DP14707 More than Words: Leaders' Speech and Risky Behavior During a Pandemic
|Author(s):||Nicolas Ajzenman, Tiago Cavalcanti, Daniel Da Mata|
|Publication Date:||May 2020|
|Keyword(s):||Coronavirus, health, leadership, Persuasion, Risky behavior|
|JEL(s):||D1, I31, Z13|
|Programme Areas:||Development Economics|
|Link to this Page:||cepr.org/active/publications/discussion_papers/dp.php?dpno=14707|
How do political leader's words and actions affect people's behavior? We address this question in the context of Brazil by combining electoral information and geo-localized mobile phone data for more than 60 million devices throughout the entire country.

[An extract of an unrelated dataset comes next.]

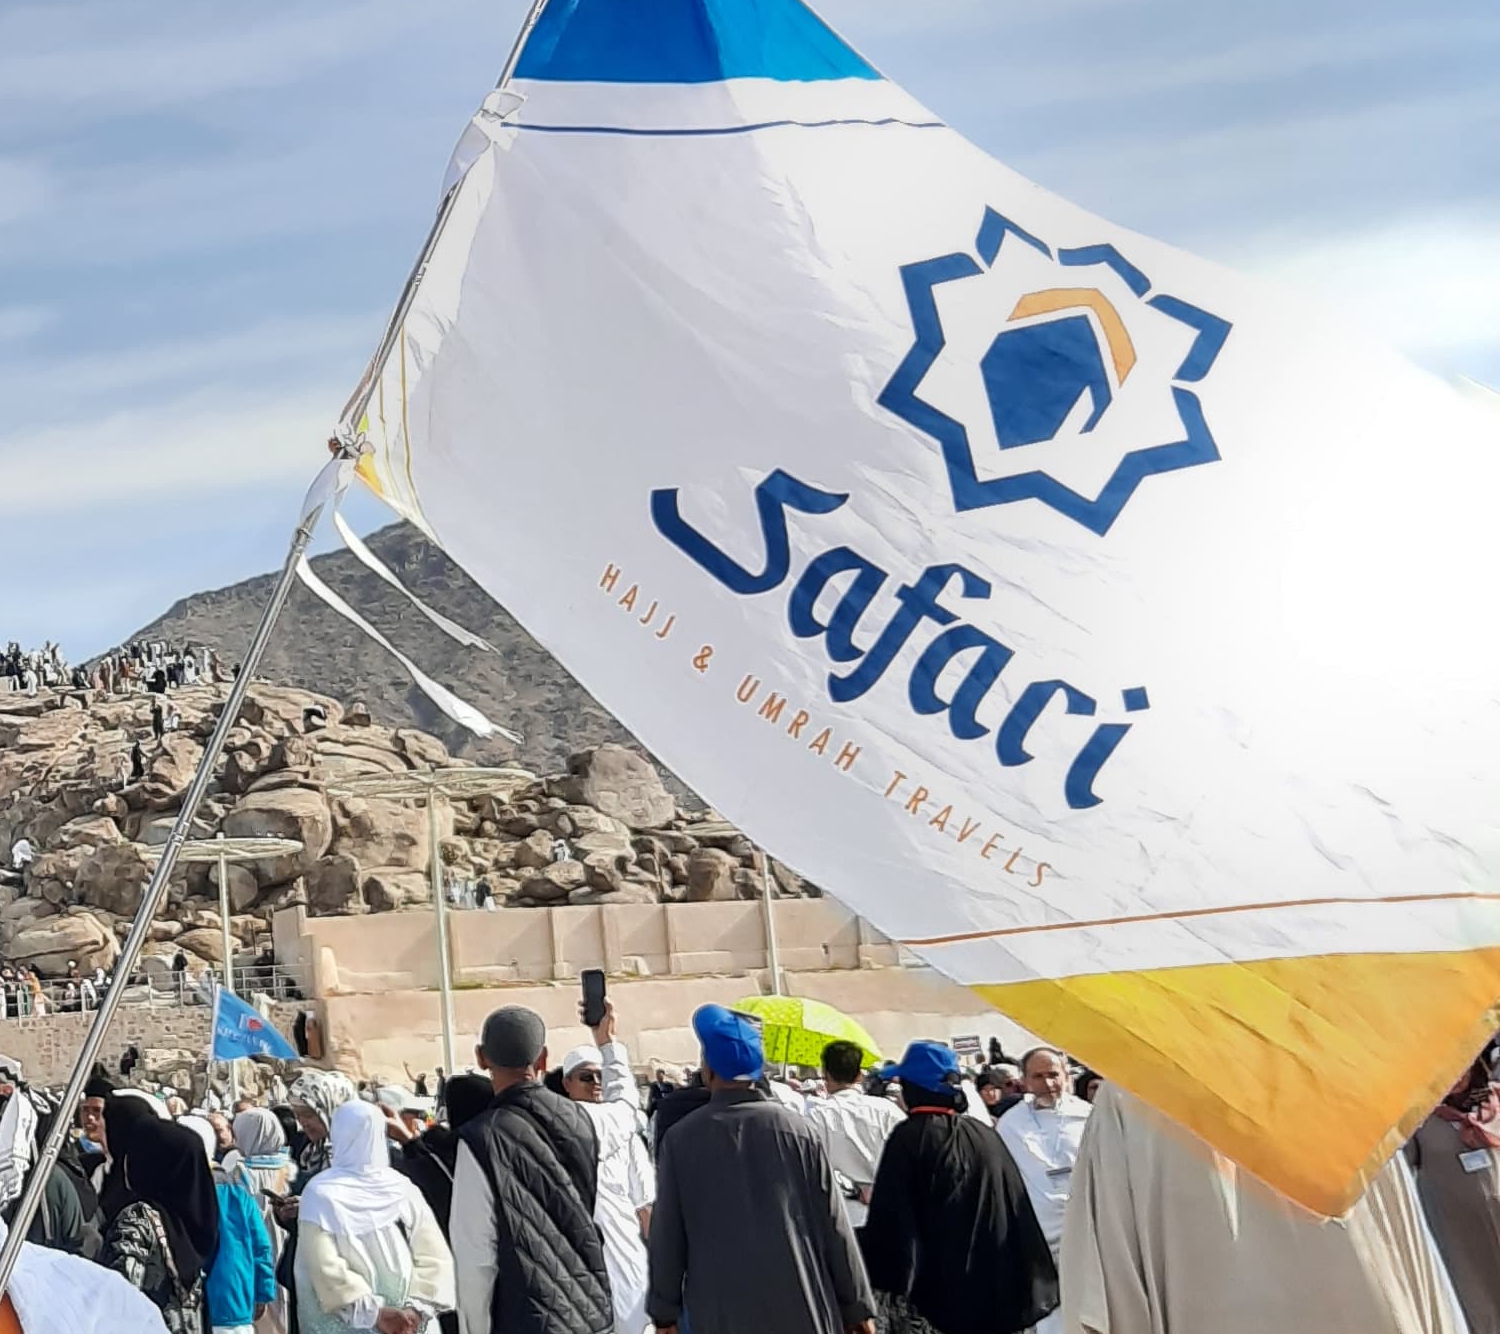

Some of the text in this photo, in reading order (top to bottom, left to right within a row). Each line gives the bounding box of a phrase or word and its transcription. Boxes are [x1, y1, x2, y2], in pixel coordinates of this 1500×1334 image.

[599, 563, 1054, 890] HAJJ & UMRAH TRAVELS
[650, 467, 1150, 810] Safari
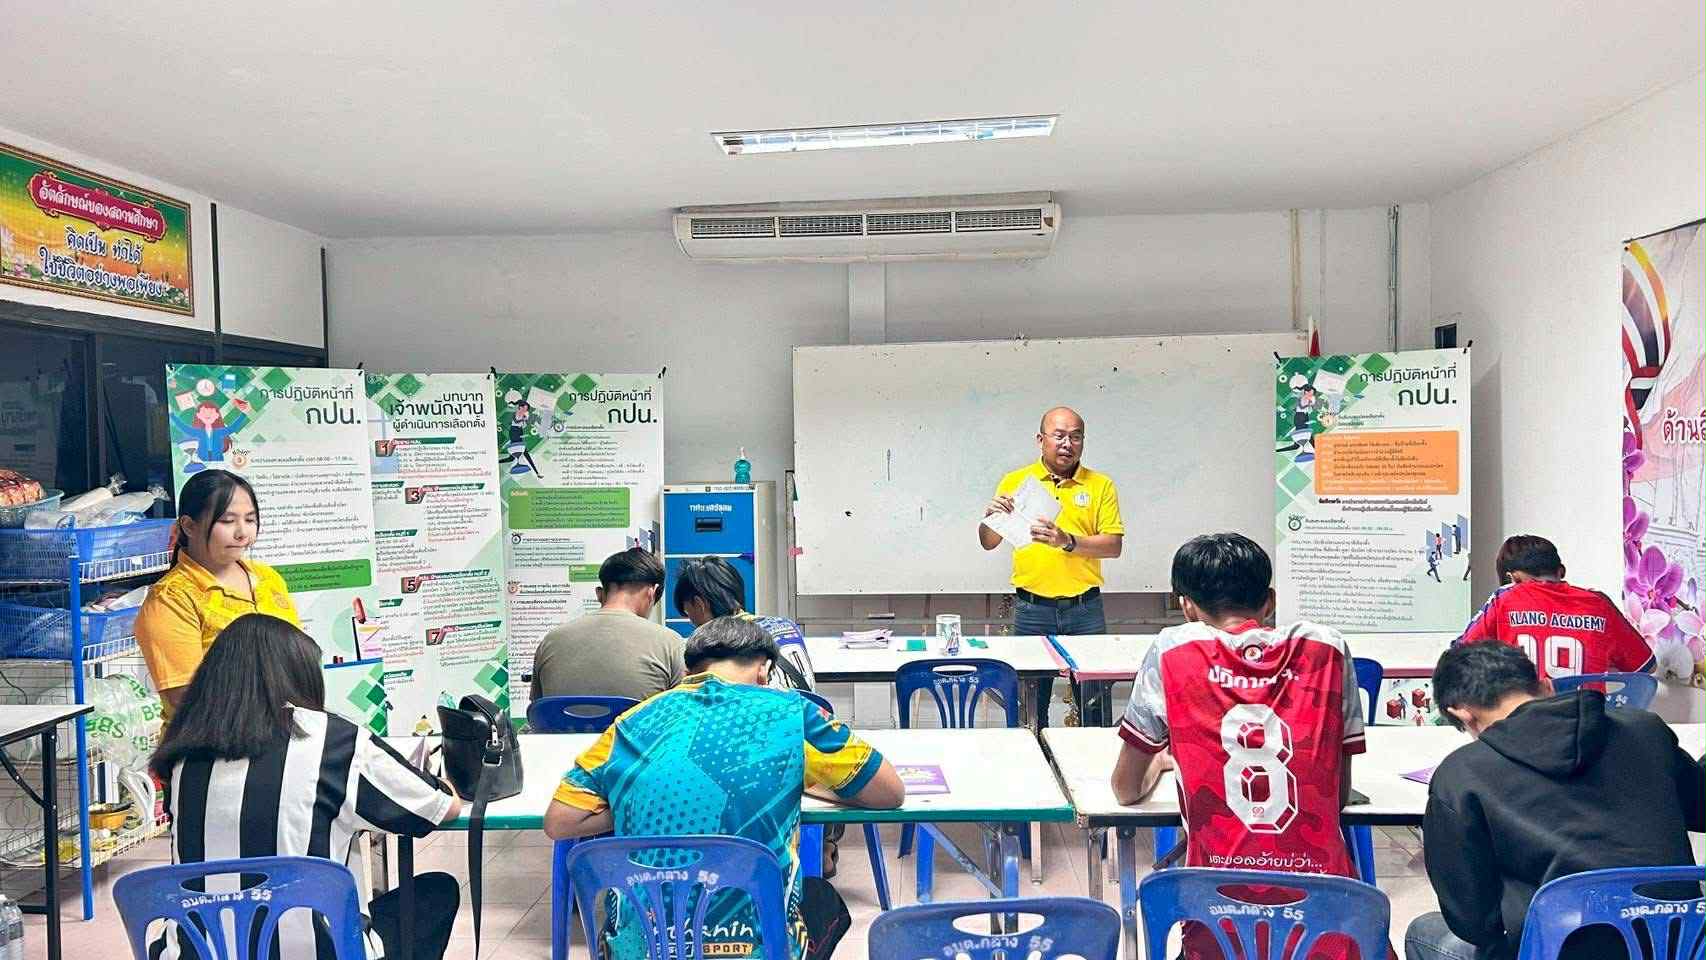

We find that after Brazil's president publicly and emphatically dismissed the risks associated with the COVID-19 pandemic and advised against isolation, the social distancing measures taken by citizens in pro-government localities weakened compared to places where political support of the president is less strong, while pre-event effects are insignificant. The impact is large and robust to different empirical model specifications. Moreover, we find suggestive evidence that this impact is driven by localities with relatively higher levels of media penetration and is stronger in municipalities with a larger proportion of Evangelic parishioners, a key group in terms of support for the president.